Maisonet Perez v. Metropolitan Life Ins. Co.

820 F. Supp. 640, 1993 U.S. Dist. LEXIS 6481, 1993 WL 156642
CourtDistrict Court, D. Puerto Rico
DecidedMarch 29, 1993
DocketCiv. 92-2065
StatusPublished
Cited by2 cases

This text of 820 F. Supp. 640 (Maisonet Perez v. Metropolitan Life Ins. Co.) is published on Counsel Stack Legal Research, covering District Court, D. Puerto Rico primary law. Counsel Stack provides free access to over 12 million legal documents including statutes, case law, regulations, and constitutions.

Bluebook
Maisonet Perez v. Metropolitan Life Ins. Co., 820 F. Supp. 640, 1993 U.S. Dist. LEXIS 6481, 1993 WL 156642 (prd 1993).

Opinion

OPINION AND ORDER

FUSTE, District Judge.

Plaintiff complains that defendant insurance company wrongfully awarded the proceeds of her deceased son’s $500,000 term life insurance policy to the previous sole beneficiary, her son’s ex-wife. Plaintiff alleges that the insured had amended the policy before his death to award 40% of the policy to plaintiff and the remaining 60% in equal portions to decedent’s three children. Defendant contends that decedent never completed the endorsement process to substitute his mother and children as beneficiaries, and argues that the company’s awarding of the proceeds of the policy to decedent’s ex-wife followed the precise letter of the policy and the law.

Plaintiff first sought a remedy through the Puerto Rico Insurance Commissioner (“Commissioner”) but, in the end, the Commissioner would only provide an advisory opinion that plaintiff should receive $200,000 from defendant.
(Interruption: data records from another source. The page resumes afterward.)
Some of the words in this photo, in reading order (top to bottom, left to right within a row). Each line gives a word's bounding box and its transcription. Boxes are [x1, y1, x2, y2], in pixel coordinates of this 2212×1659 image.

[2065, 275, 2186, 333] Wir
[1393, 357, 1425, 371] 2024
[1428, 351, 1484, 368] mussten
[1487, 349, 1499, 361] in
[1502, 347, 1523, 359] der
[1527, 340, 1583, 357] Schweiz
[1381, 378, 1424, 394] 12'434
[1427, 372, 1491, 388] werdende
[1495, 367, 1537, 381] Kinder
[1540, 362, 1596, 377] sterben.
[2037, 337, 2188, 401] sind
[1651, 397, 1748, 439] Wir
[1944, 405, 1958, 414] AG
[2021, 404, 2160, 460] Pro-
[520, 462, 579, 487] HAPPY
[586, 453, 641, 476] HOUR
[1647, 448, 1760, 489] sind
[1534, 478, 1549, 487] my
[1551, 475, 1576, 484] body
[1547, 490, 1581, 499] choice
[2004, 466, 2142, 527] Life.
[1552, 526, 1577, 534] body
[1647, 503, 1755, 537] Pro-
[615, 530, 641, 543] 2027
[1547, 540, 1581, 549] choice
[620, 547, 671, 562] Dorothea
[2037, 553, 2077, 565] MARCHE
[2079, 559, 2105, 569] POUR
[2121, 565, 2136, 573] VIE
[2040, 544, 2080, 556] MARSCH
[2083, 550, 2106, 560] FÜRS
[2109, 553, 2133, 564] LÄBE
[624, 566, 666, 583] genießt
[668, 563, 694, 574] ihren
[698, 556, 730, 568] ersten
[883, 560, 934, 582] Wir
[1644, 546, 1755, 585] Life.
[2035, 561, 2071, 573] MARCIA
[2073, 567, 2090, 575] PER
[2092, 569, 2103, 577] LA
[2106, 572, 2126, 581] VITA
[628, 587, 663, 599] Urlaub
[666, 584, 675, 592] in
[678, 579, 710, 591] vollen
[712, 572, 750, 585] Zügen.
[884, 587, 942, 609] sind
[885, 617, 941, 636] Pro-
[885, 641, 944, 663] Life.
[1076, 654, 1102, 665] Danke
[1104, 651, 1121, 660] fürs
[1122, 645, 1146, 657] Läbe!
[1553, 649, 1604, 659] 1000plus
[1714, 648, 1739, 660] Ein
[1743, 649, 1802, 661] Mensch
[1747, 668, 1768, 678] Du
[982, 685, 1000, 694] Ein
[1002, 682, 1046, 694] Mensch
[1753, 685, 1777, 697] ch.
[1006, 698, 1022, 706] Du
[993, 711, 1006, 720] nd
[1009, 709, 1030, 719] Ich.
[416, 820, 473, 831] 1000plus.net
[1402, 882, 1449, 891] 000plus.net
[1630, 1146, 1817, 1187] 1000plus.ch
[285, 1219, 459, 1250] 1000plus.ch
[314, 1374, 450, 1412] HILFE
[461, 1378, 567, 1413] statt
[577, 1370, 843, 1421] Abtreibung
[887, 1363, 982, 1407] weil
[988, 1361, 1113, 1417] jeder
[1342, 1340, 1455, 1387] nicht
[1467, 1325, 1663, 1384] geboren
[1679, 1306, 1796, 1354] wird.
Plaintiff brings this action in federal district court, demanding a judgment of $200,000 to which she is allegedly entitled under the amended life insurance policy. Plaintiff also seeks other damages relating to the alleged misdirection of the policy’s proceeds; however, the pending motion before the court is plaintiffs prayer for partial summary judgment as to the $200,000 from the policy. Federal jurisdiction is based on diversity of citizenship between. plaintiff and the deceased assured. 28 U.S.C.A. § 1332(c)(1). We deny plaintiffs motion because there exist genuine issues of material fact in dispute.

I.

Facts

Walter- M. Traverso (“Traverso”) purchased and was issued a $500,000 term life insurance policy from Defendant Metropolitan Life Insurance Company (“Metropolitan”), a Rhode Island-based corporation, on November 4, 1988. Traverso, a citizen of Puerto Rico, named his then wife, Maria M. Castro Jurado (“Castro-Jürado”), as the sole beneficiary. Following the divorce of Trav-erso and Castro-Jurado, Traverso went to his insurance agent, a representative of Metropolitan, and expressed his intention to amend the beneficiary section of his policy and requested the appropriate form for such a change. Traverso wanted to substitute his mother, plaintiff Francisca Maisonet Pérez, a domiciliary of Virginia, and Traverso’s children, Antuam, Tamara, and Ittai Francisco Traverso-Castro, for his ex-wife, Castro-Ju-rado. Traverso completed the proper form for a change of beneficiary and forwarded it to Metropolitan. Metropolitan received the change of beneficiary form at its head office in August 1989, but did not affect the changes to the policy. Metropolitan claims *642 to have sent two letters to Traverso, on August 25, 1989, and October 16, 1989, advising him that for the change of beneficiaries to be validated, he would have to submit the insurance policy for endorsement.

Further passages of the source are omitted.